AnthroTech2023

Anthropologies of Technique / Techniques of Anthropology: Final student workshops

Ethnographers have to evolve their methods while investigating other people’s artful practices. How to make sense of other ways of making?

Contemporary multimodal ethnographic approaches are deeply rooted in fieldwork interactions with other knowing and making communities. Describing and theorizing making practices contributes to triggering new interests in material cultures. It also branches out to further studies on embodiment and on the techniques of the self.

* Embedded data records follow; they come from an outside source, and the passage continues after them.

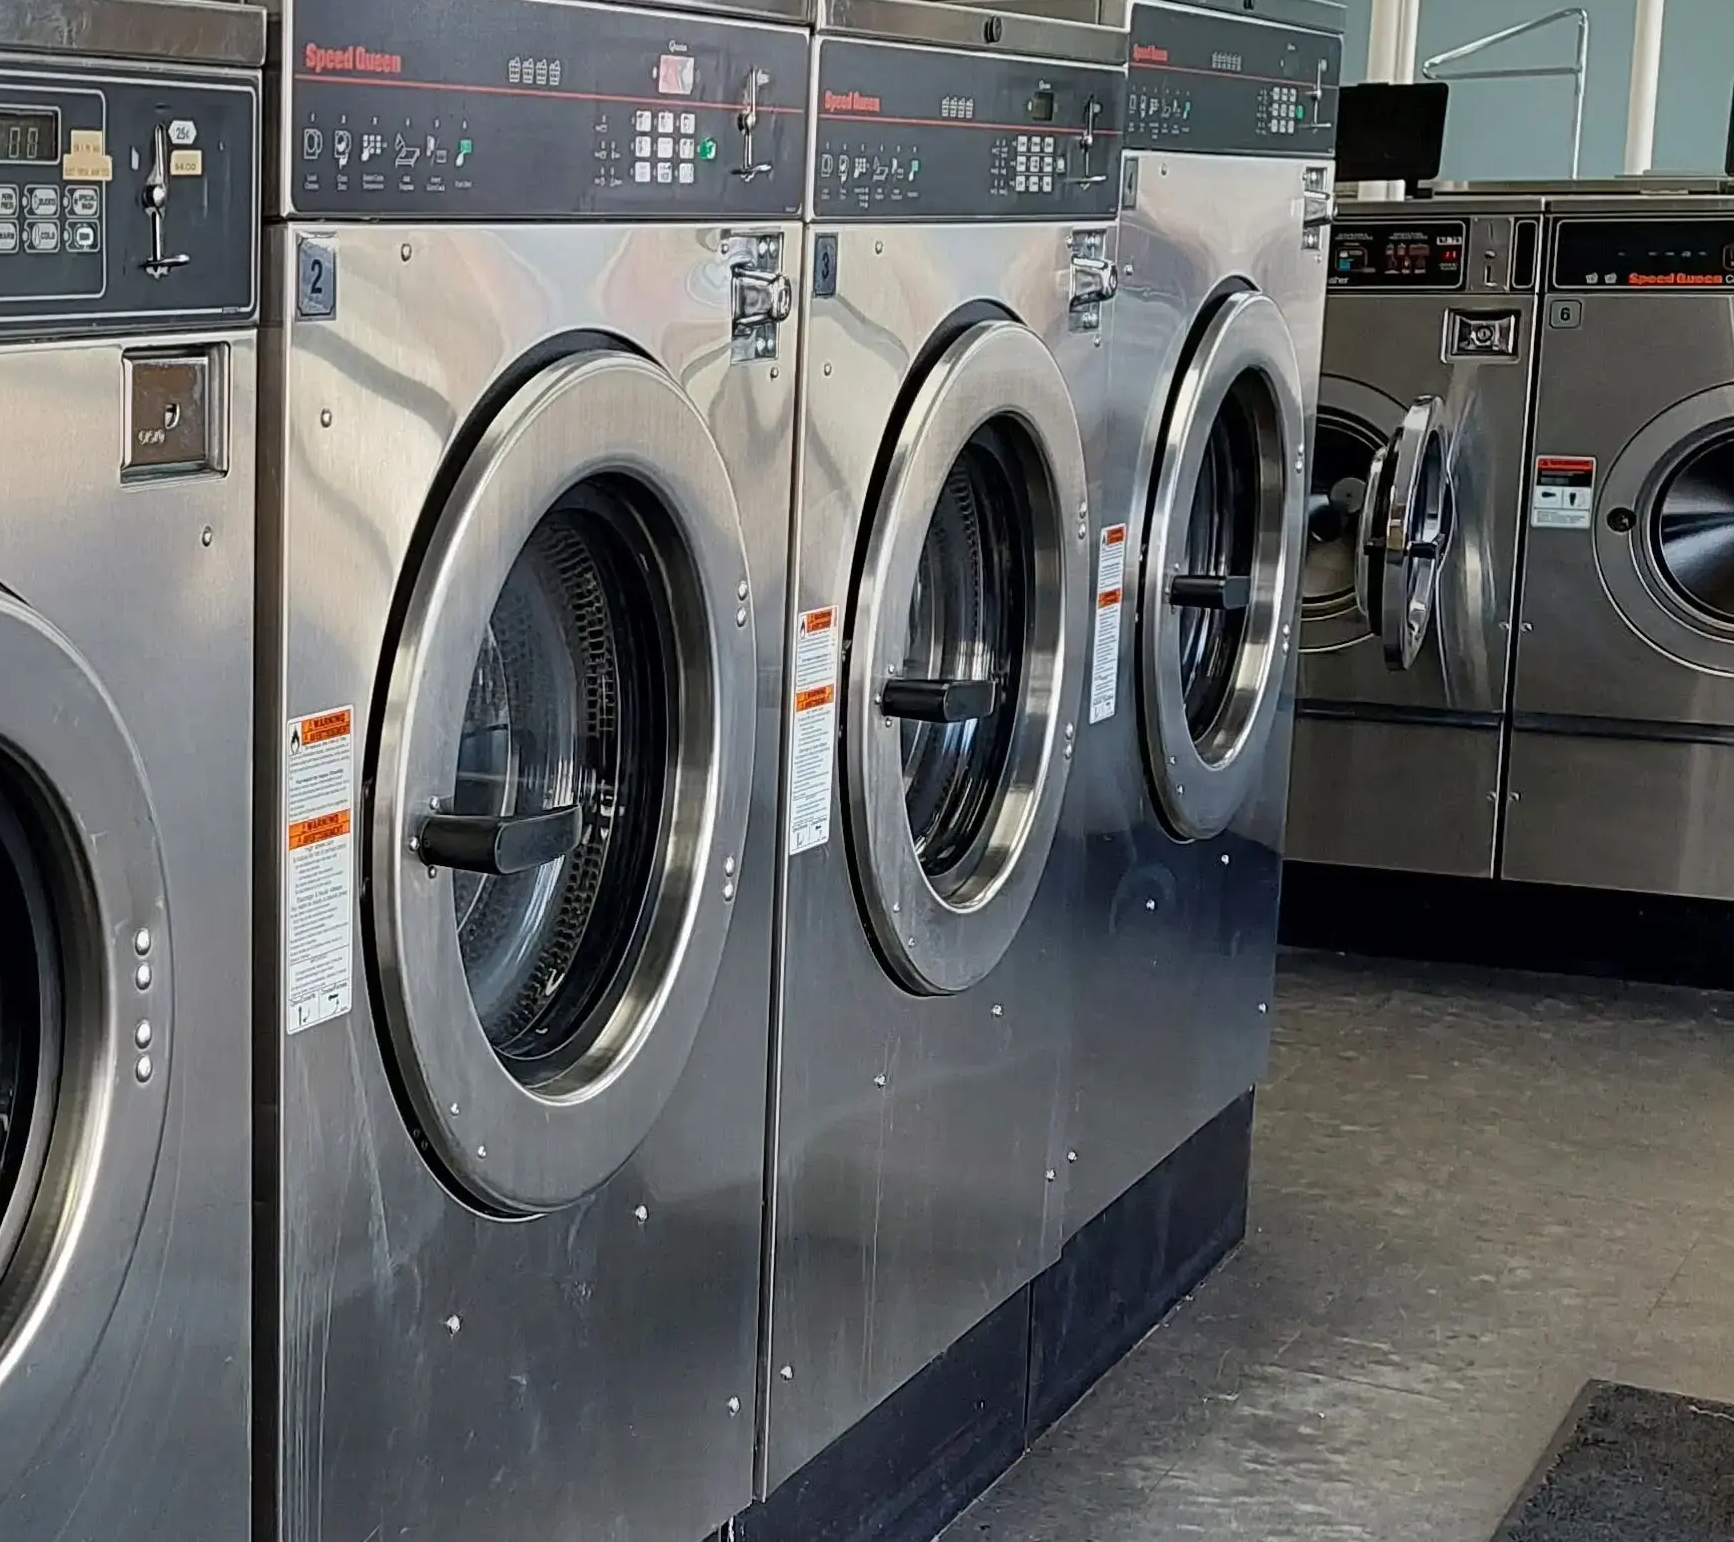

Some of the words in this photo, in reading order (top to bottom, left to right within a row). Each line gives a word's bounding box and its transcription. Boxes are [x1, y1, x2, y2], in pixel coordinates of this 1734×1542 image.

[305, 42, 353, 73] Speed
[355, 46, 402, 73] Queen
[824, 91, 852, 112] Speed
[853, 93, 880, 112] Queen
[0, 232, 15, 240] WARM
[40, 232, 55, 240] COLD
[822, 252, 829, 279] 3
[311, 259, 323, 294] 2
[1628, 273, 1674, 284] Speed
[1677, 273, 1722, 284] Queen
[1560, 307, 1570, 321] 6

Telling better stories of making means sharpening our techniques for storytelling, experimenting with new media, and probing other ways of entering into collaboration with epistemic partners.

During the summer semester of 2023, we engaged in four collective fieldworks around technical activities: pottery, boomerang making, 3D sketching, and Iyengar yoga. We experimented with various ways to share the ethnographic experiences of “making” practices into text, drawings, workshops, and virtual installations. Students have also actively explored one technique of their choice during the course and documented their practice with a fieldwork notebook, using various techniques such as writing, sketching, 360° captures, etc.

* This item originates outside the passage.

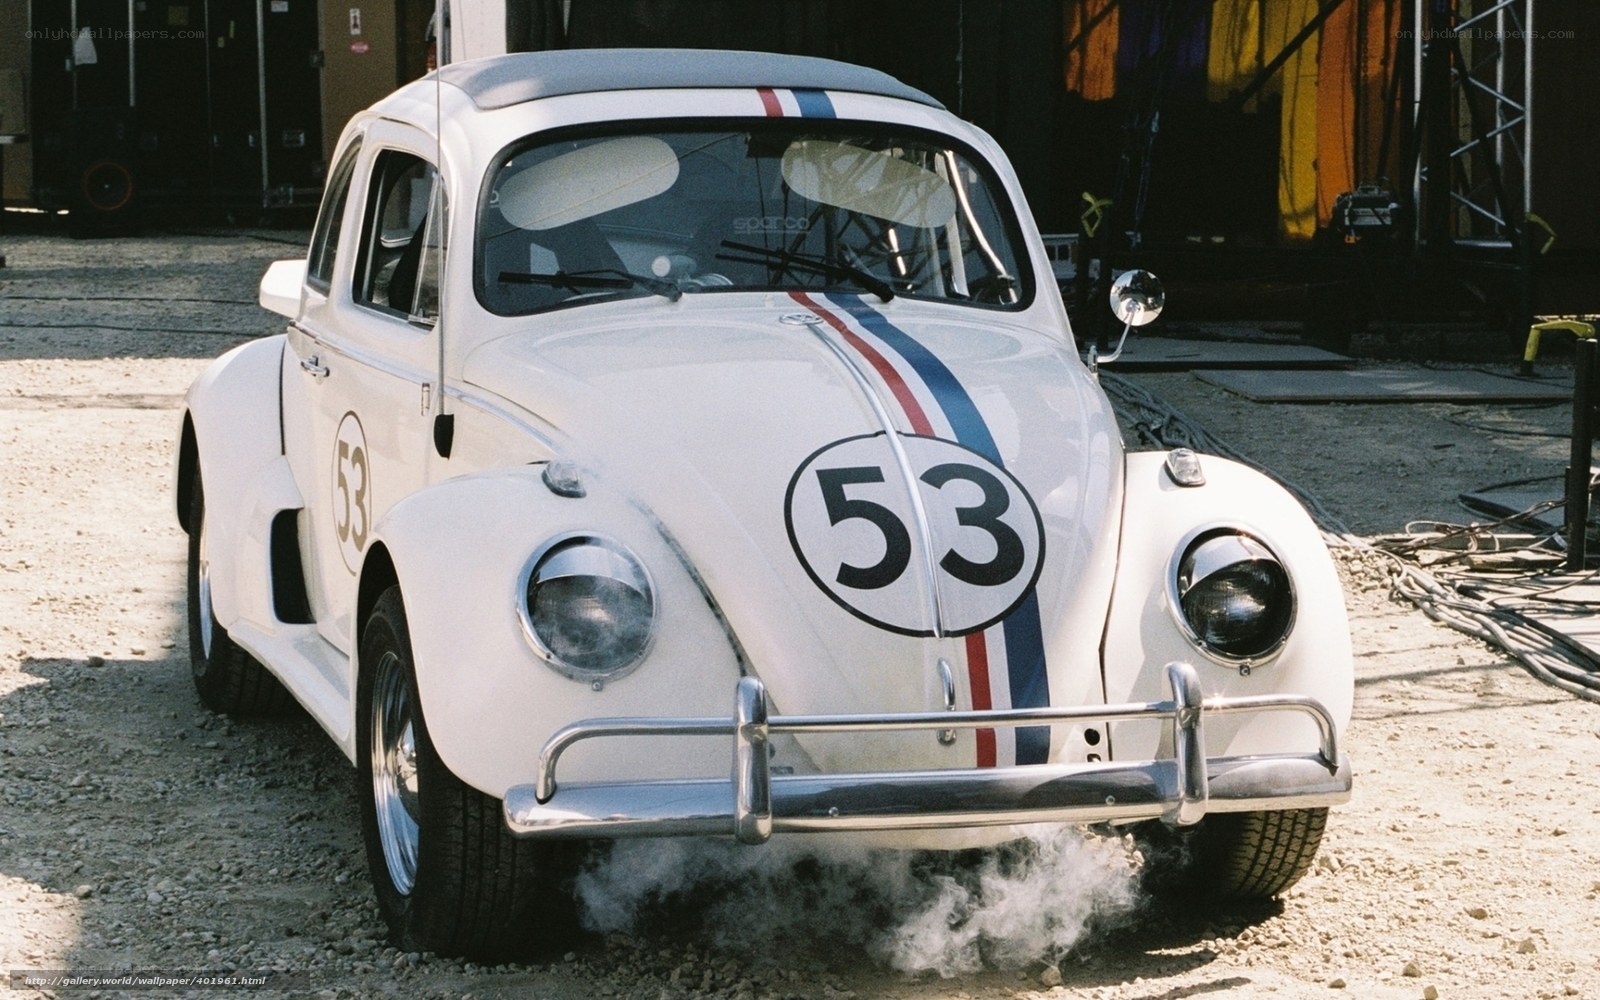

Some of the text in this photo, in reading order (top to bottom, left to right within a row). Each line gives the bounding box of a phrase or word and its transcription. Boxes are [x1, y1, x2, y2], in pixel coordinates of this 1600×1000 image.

[733, 216, 810, 234] sparco
[337, 439, 368, 552] 53
[815, 462, 1025, 589] 53
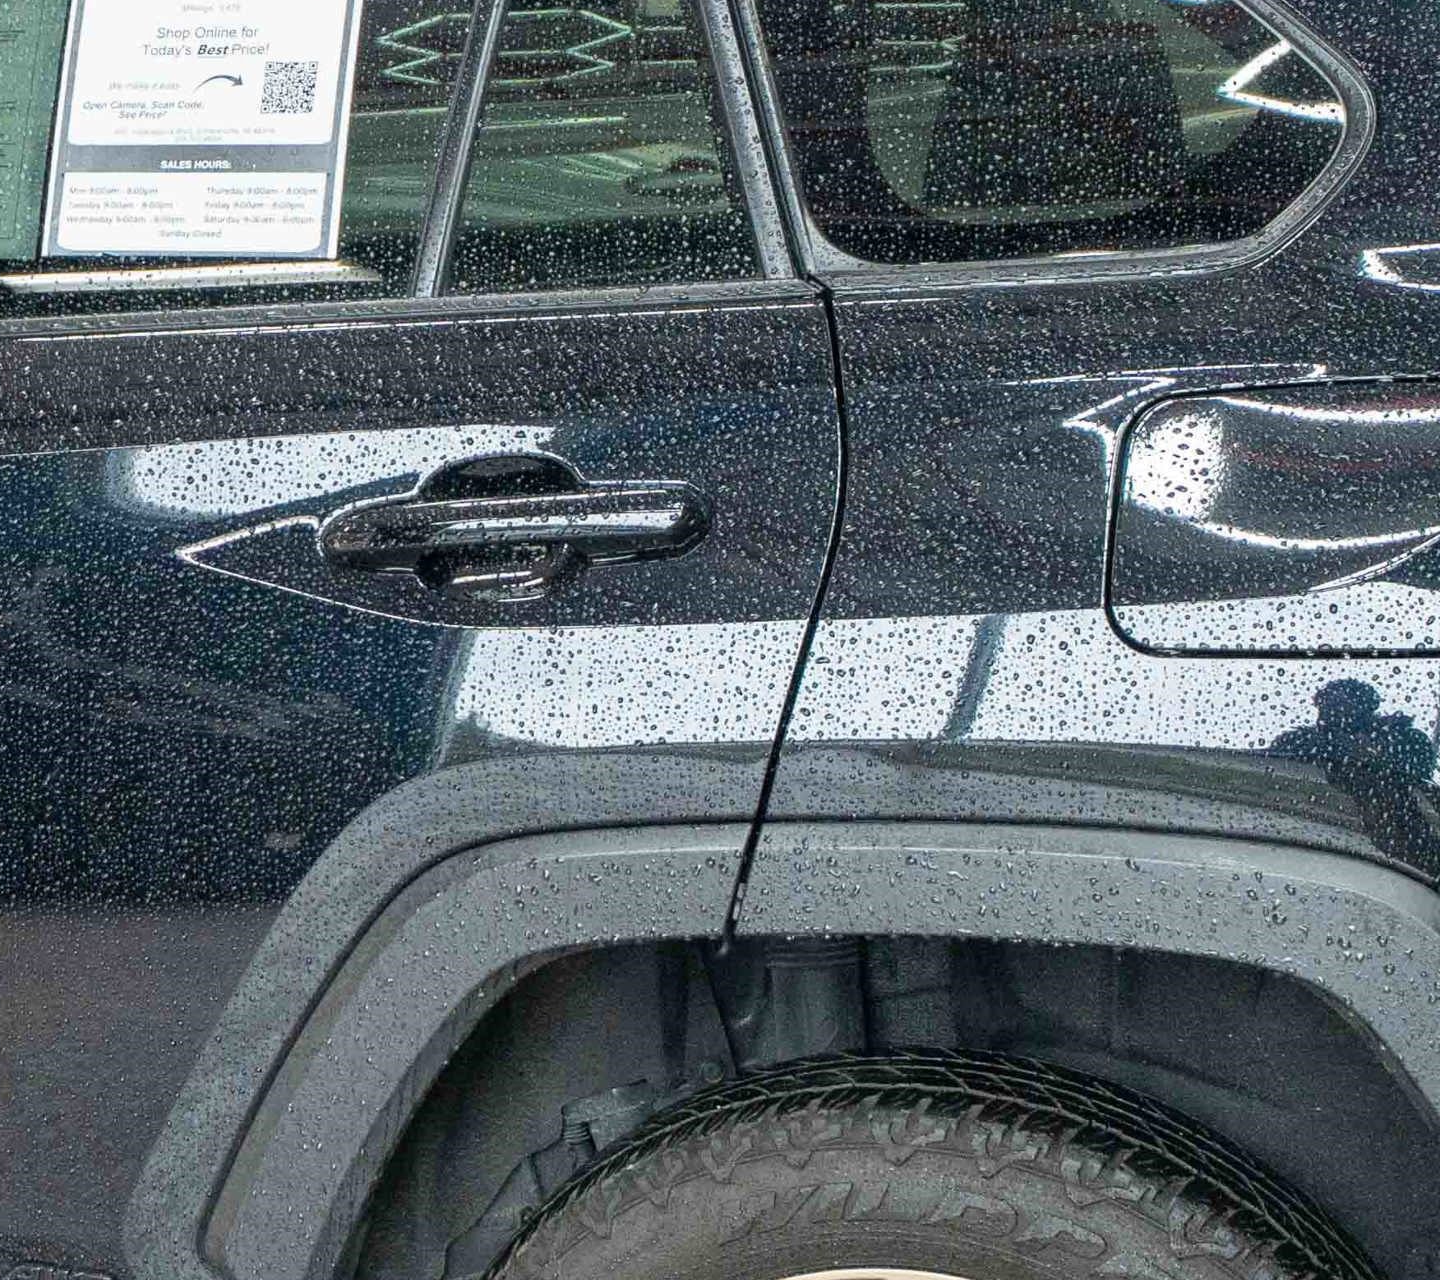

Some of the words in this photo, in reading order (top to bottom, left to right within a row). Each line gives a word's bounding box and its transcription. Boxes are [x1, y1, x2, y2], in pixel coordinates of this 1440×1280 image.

Together on 14.07.2023, we will share our findings with the public in workshop formats, during which students will share their insights, their journals, and their newly acquired practices.

This seminar was taught by Prof. Sharon Macdonald and Dr. Maxime Le Calvé at the Helmholz-Zentrum für Kulturtechnik, part of the curriculum of the Master programme “Ethnography” at the Institute für Europeäische Ethnographie (Humboldt-Universität zu Berlin).